Johnson & Johnson Pharmaceutical Research and Development LLC, Titusville, NJ 08560, USA.
Stat Med. 2012 Dec 30;31(30):4401-15. doi: 10.1002/sim.5620. Epub 2012 Sep 27.
Expanded availability of observational healthcare data (both administrative claims and electronic health records) has prompted the development of statistical methods for identifying adverse events associated with medical products, but the operating characteristics of these methods when applied to the real-world data are unknown.
We studied the performance of eight analytic methods for estimating of the strength of association-relative risk (RR) and associated standard error of 53 drug-adverse event outcome pairs, both positive and negative controls. The methods were applied to a network of ten observational healthcare databases, comprising over 130 million lives. Performance measures included sensitivity, specificity, and positive predictive value of methods at RR thresholds achieving statistical significance of p < 0.05 or p < 0.001 and with absolute threshold RR > 1.5, as well as threshold-free measures such as area under receiver operating characteristic curve (AUC).

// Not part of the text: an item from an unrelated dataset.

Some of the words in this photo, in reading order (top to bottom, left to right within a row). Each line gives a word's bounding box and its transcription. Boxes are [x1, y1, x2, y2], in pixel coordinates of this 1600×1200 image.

Although no specific method demonstrated superior performance, the aggregate results provide a benchmark and baseline expectation for risk identification method performance. At traditional levels of statistical significance (RR > 1, p < 0.05), all methods have a false positive rate >18%, with positive predictive value <38%. The best predictive model, high-dimensional propensity score, achieved an AUC = 0.77. At 50% sensitivity, false positive rate ranged from 16% to 30%. At 10% false positive rate, sensitivity of the methods ranged from 9% to 33%.

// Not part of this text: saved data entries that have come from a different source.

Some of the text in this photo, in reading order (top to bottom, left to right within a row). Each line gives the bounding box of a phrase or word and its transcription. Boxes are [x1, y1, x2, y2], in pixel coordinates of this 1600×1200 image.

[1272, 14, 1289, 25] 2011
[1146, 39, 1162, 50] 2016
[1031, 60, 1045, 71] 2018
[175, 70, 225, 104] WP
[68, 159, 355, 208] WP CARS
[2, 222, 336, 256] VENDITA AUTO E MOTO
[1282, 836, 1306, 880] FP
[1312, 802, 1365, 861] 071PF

Systematic processes for risk identification can provide useful information to supplement an overall safety assessment, but assessment of methods performance suggests a substantial chance of identifying false positive associations.
观测性医疗保健数据(包括行政索赔和电子健康记录)的可用性扩大,促使人们开发了用于识别与医疗产品相关的不良事件的统计方法,但这些方法应用于真实世界数据时的运行特征尚不清楚。
我们研究了八种分析方法在估计 53 种药物不良事件结局对的关联强度-相对风险(RR)及其相关标准误中的表现,这些方法包括阳性和阴性对照。这些方法应用于由十个观测性医疗保健数据库组成的网络,该网络包含超过 1.3 亿个生命。性能指标包括在 RR 阈值达到统计学意义(p < 0.05 或 p < 0.001)和绝对 RR > 1.5 时方法的敏感性、特异性和阳性预测值,以及无阈值的衡量标准,如接收者操作特征曲线下面积(AUC)。
虽然没有特定的方法表现出优越的性能,但综合结果为风险识别方法性能提供了基准和基线预期。在传统的统计学显著性水平(RR > 1,p < 0.05)下,所有方法的假阳性率均> 18%,阳性预测值< 38%。最佳预测模型——高维倾向评分,获得了 AUC = 0.77。在 50%敏感性时,假阳性率范围为 16%至 30%。在 10%的假阳性率时,方法的敏感性范围为 9%至 33%。
风险识别的系统过程可以提供有用的信息来补充全面的安全性评估,但对方法性能的评估表明,识别假阳性关联的可能性很大。